These are just a few of the problems with Hampson’s book, problems to which Gordon fails to alert prospective readers. In fact, Gordon says very little about the content of the book, but restricts himself to giving a general overview of Kierkegaard’s works and his place, or presumed place, in the history of thought that has little directly to do with Hampson’s treatment of Kierkegaard.

It’s generally dangerous to venture to write a book on a thinker, as well as to review a book on a thinker, on whose thought you do not specialize. And, to quote Kierkegaard, “what is worse for those brave souls who nevertheless dare to undertake such a project, the difficulty is not one that will confer celebrity on those who preoccupy themselves with it” (Philosophical Crumbs, p. 113). Unfortunately, Hampson’s book is so off base, at least in its chapter on Kierkegaard’s Philosophical Crumbs, that it amounts to a caricature of scholarship.

A single example will suffice to make this point. Hampson accuses Kierkegaard scholars of failing to appreciate a crucial fact about his view of the natural world. Kierkegaard, she charges, “thinks the world a kind of random place in which just about anything can happen.” Kierkegaard, she continues, lacks any sense for “the regularity of nature” or that natural events are subject to natural law (p. 92).

Unfortunately for Hampson, Kierkegaard scholars have not missed this aspect of Kierkegaard’s thought because this isn’t an aspect of Kierkegaard’s thought. Kierkegaard did believe in the existence of laws of nature. Hampson rightly observes that Kierkegaard “picks up the distinction in Aristotle between a ‘change’ which consists in a coming into existence (kinesis) and a change which presupposes existence (alloiosis) (what we might call a change taking place within the causal nexus),” but she fails to appreciate the significance of this distinction for Kierkegaard.

Hampson even goes so far as to remark that it is “strange” that Kierkegaard “does not appreciate that there is any real distinction between the two kinds of ‘change’“ (p. 91) identified by Aristotle, given that he refers to them himself when speaking about the change of coming to be. She chastises Kierkegaard for writing “150 years after Newton,” and yet failing to have any “sense of the regularity with which change takes place in predetermined fashion within a causal nexus” (91).

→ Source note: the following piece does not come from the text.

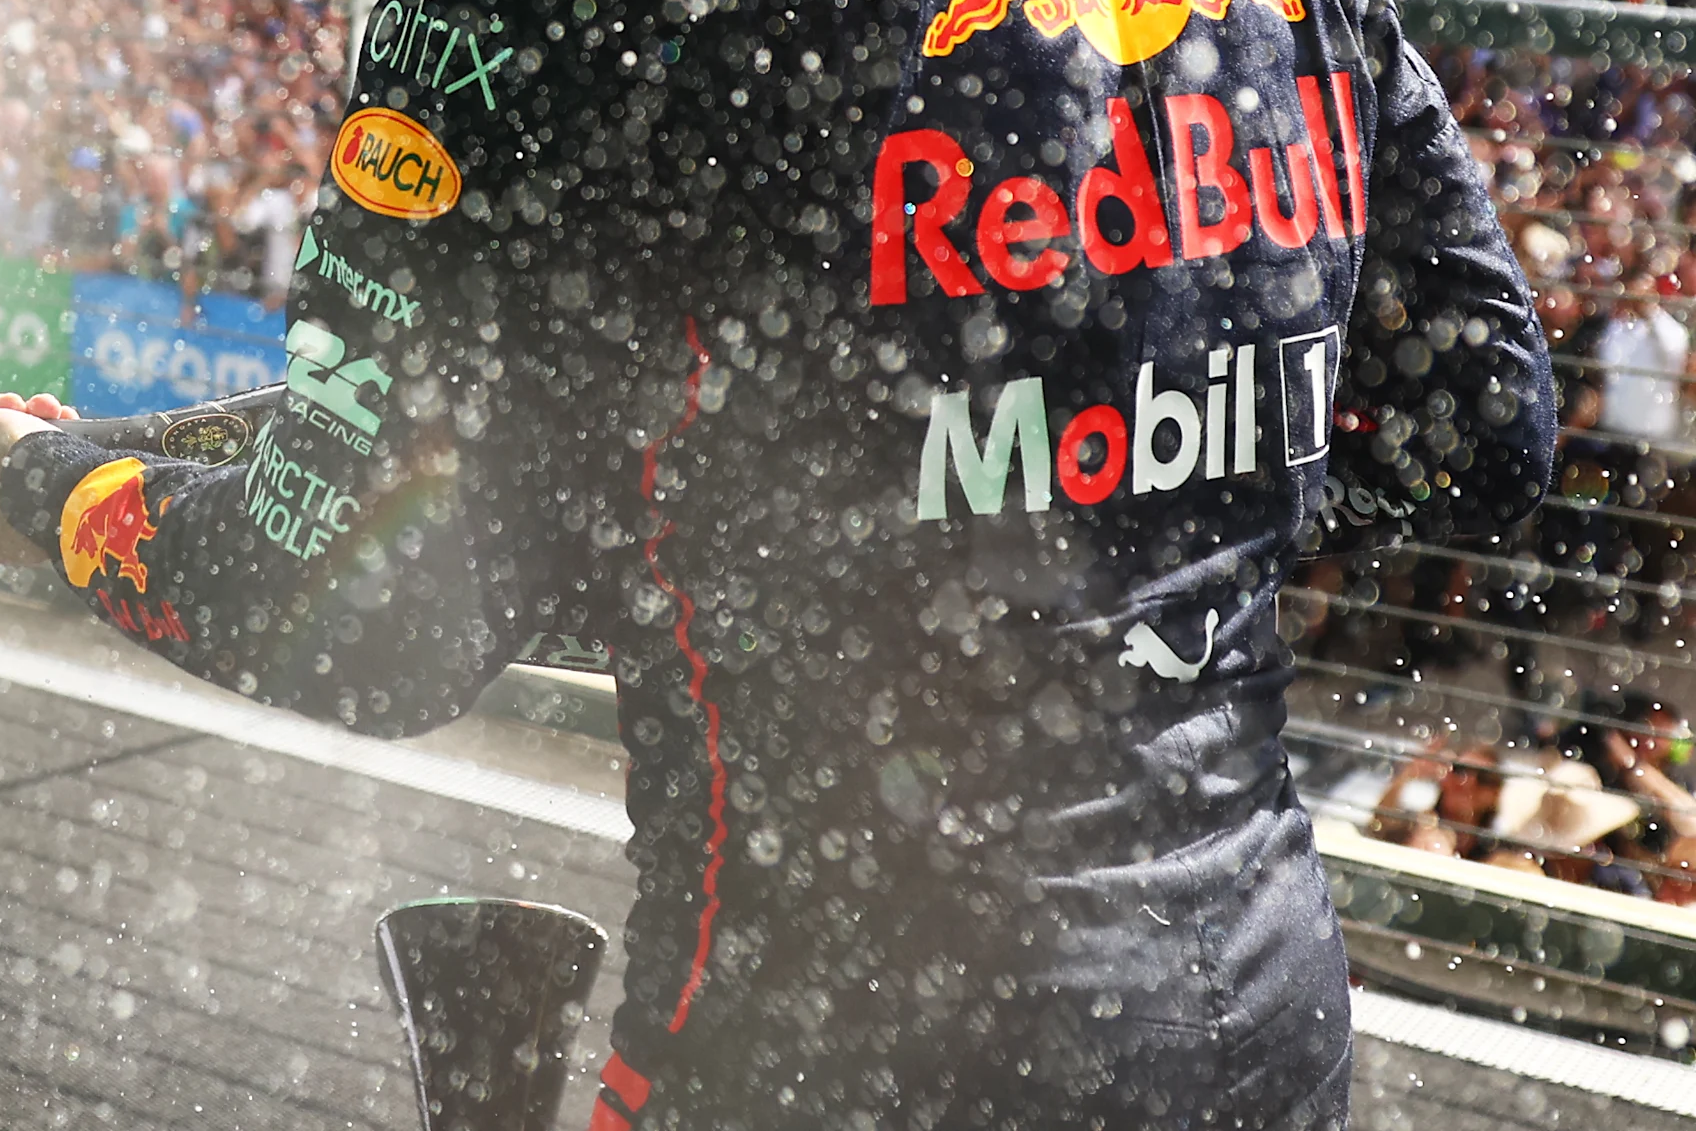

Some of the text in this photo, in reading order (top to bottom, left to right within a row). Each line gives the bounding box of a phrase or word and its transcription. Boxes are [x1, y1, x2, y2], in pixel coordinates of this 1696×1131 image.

It would be pretty weird if Kierkegaard failed to have any sense for what one could call the “regularity of nature.” As most Kierkegaard scholars know, however, Kierkegaard does have such a sense, as is easily seen by anyone who pays careful attention to the portion of the Crumbs from which Hampson gets this strange impression. After Kierkegaard explains that “[e]verything that has come to be is eo ispo historical, he goes on to say that

That thing, the becoming of which is a simultaneous becoming (Nebeneinander, Space), has no other history than this, but even seen in this way (en masse), independently of what an ingenious consideration in a more specific sense calls the history of nature, nature has a history.

…. How can one say that nature, despite being immediately present, is historical, if one does not view it from this ingenious perspective? The difficulty comes from the fact that nature is too abstract to have a dialectical relationship, in the stricter sense, with time. Nature’s imperfection is that it has no history in any other sense, and its perfection is that it has the intimation of a history (namely that it has come to be, which is the past; and that it is, the present) (p. 143, emphasis added).

That is, nature’s whole “history” is that it came to be at some point. After that, the “changes” that characterize nature do not represent change in Aristotle’s sense of kinesis but only in his sense of alloiosis. Kierkegaard takes pains to be clear on this point. Purely natural events are changes in something (i.e., nature) that already exists. They do not come about freely, but are subject to natural law. That’s why nature “has no history.” It has only an “intimation of a history” in that it came to be at some point. Mountain ranges do not become mature in the same sense that people do. Human beings have choices. Human events are not like plate tectonics.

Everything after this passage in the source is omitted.